Training subsystem 622 also includes document image training/verification data store 610 (a), which stores training and verification document images. Training algorithm 616 represents program instructions for performing training of form extraction network 200 in accordance with the training described herein. As shown in fig. 6a, training algorithm 616 receives training and validation document form images from training/validation data store 610 (a) and generates the best weights and biases, which are then stored in weight/bias data store 610 (b). As previously described, training may utilize a back-propagation algorithm and gradient descent or some other optimization method.

The test/inference subsystem also includes a test/inference algorithm 626 that utilizes the form extraction network 200 and the optimal weights/bias generated by the training subsystem 622. CPU/GPU 612 may then execute test/inference algorithm 626 based on the model architecture and the generated weights and biases previously described. In particular, test/inference subsystem 624 may receive test document image 614 using network 200, which may characterize classified document image 620 from test document image 614.

FIG. 6b illustrates an example integration of the document extraction network 200 into a network environment according to one embodiment of this disclosure. As shown in fig. 6b, computing device 600 may be collocated (colocate) in a cloud environment, a data center, a local area network ("LAN"), or the like. The structure of computing device 600 of fig. 6b is the same as the example embodiment described with respect to fig. 6 a. In this case, for example, computing device 600 may be a server or a cluster of servers.
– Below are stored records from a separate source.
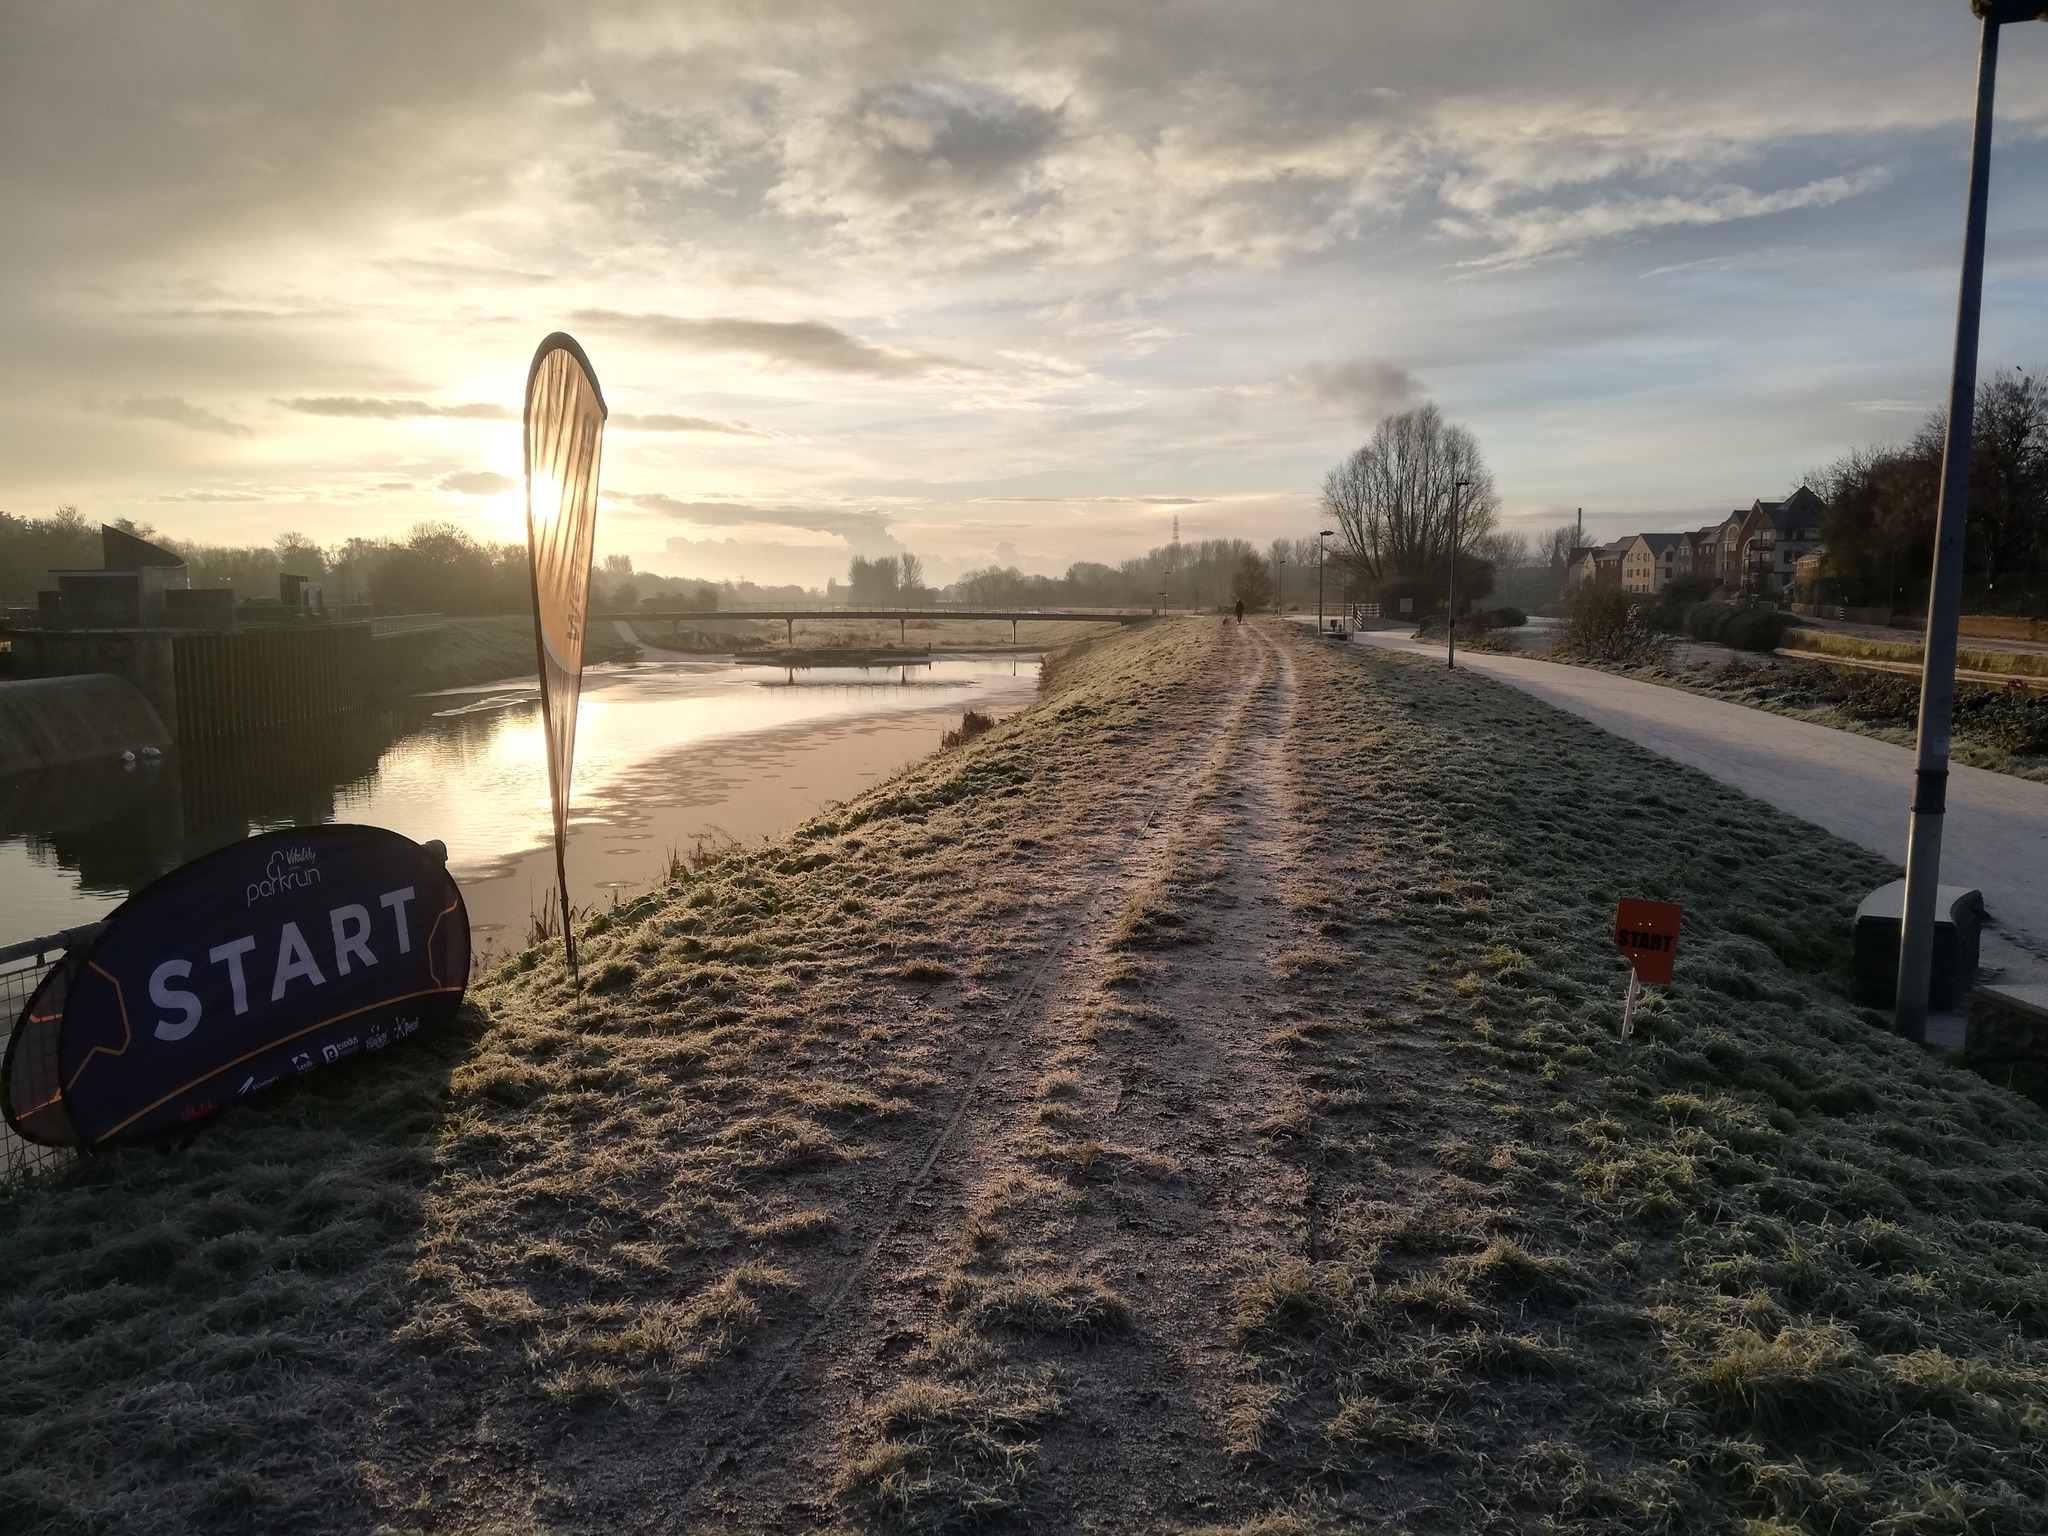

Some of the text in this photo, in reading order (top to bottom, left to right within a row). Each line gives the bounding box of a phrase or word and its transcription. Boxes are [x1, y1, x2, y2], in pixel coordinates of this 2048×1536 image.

[286, 846, 316, 865] Vitality
[246, 865, 321, 907] parkrun
[1618, 929, 1674, 952] START
[148, 886, 417, 1042] START
[337, 1035, 359, 1050] exodus
[297, 1060, 314, 1071] Leeds
As shown in fig. 6b, client 600 interacts with computing device 600 via network 632. In particular, the client 630 may make requests and receive responses via API calls received at the API server 628, which are transmitted via the network 632 and the network interface 626. It is understood that the network 632 may comprise any type of public or private network, including the Internet or a LAN.

It will be further readily appreciated that network 508 may comprise any type of public and/or private network, including the Internet, a LAN, a WAN, or some combination of such networks. In this example case, computing device 600 is a server computer and client 630 may be any typical personal computing platform

As will be further appreciated, computing device 600 (whether the computing device shown in fig. 6a or 6 b) includes and/or is otherwise capable of accessing one or more non-transitory computer-readable media or storage devices having encoded thereon one or more computer-executable instructions or software for implementing the techniques various described in this disclosure. The storage devices may include any number of durable storage devices (e.g., any electronic, optical, and/or magnetic storage devices including RAM, ROM, flash memory, USB drives, on-board CPU caches, hard drives, server storage, magnetic tape, CD-ROM, or other physical computer-readable storage medium) for storing data and computer-readable instructions and/or software that implement the various embodiments provided herein. Any combination of memories may be used, and the various storage components may be located in a single computing device or distributed across multiple computing devices. In addition, as previously described, one or more storage devices may be provided separately or remotely from one or more computing devices. Many configurations are possible.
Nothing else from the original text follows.